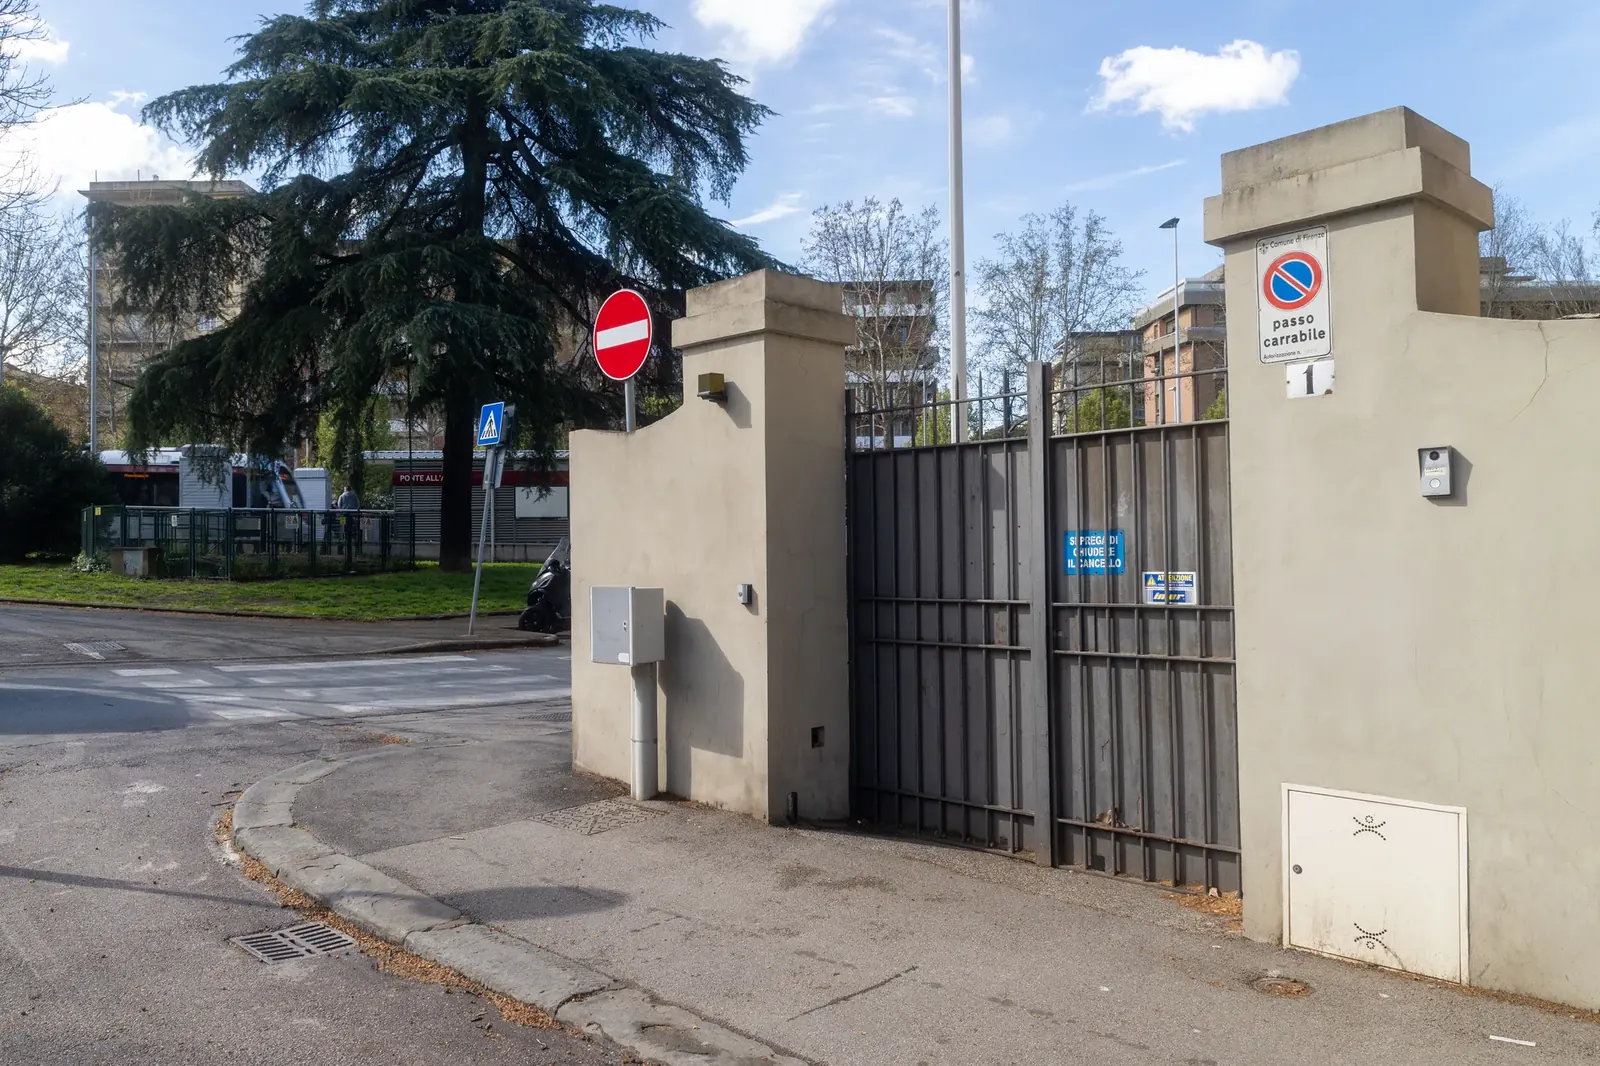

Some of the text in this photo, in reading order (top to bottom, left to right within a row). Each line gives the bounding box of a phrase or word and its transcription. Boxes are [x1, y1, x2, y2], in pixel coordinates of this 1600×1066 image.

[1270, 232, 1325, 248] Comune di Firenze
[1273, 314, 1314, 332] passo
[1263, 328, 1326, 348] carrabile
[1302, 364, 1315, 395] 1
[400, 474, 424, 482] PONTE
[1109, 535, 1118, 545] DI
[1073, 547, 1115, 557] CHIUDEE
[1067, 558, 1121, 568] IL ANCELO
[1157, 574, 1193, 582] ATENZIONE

** EXERCISE OBJECTIVE **
Every line above is to be returned exactly, with its pictures removed.

** OUTPUT **
Some of the text in this photo, in reading order (top to bottom, left to right within a row). Each line gives the bounding box of a phrase or word and its transcription. Boxes are [x1, y1, x2, y2], in pixel coordinates of this 1600×1066 image.

[1270, 232, 1325, 248] Comune di Firenze
[1273, 314, 1314, 332] passo
[1263, 328, 1326, 348] carrabile
[1302, 364, 1315, 395] 1
[400, 474, 424, 482] PONTE
[1109, 535, 1118, 545] DI
[1073, 547, 1115, 557] CHIUDEE
[1067, 558, 1121, 568] IL ANCELO
[1157, 574, 1193, 582] ATENZIONE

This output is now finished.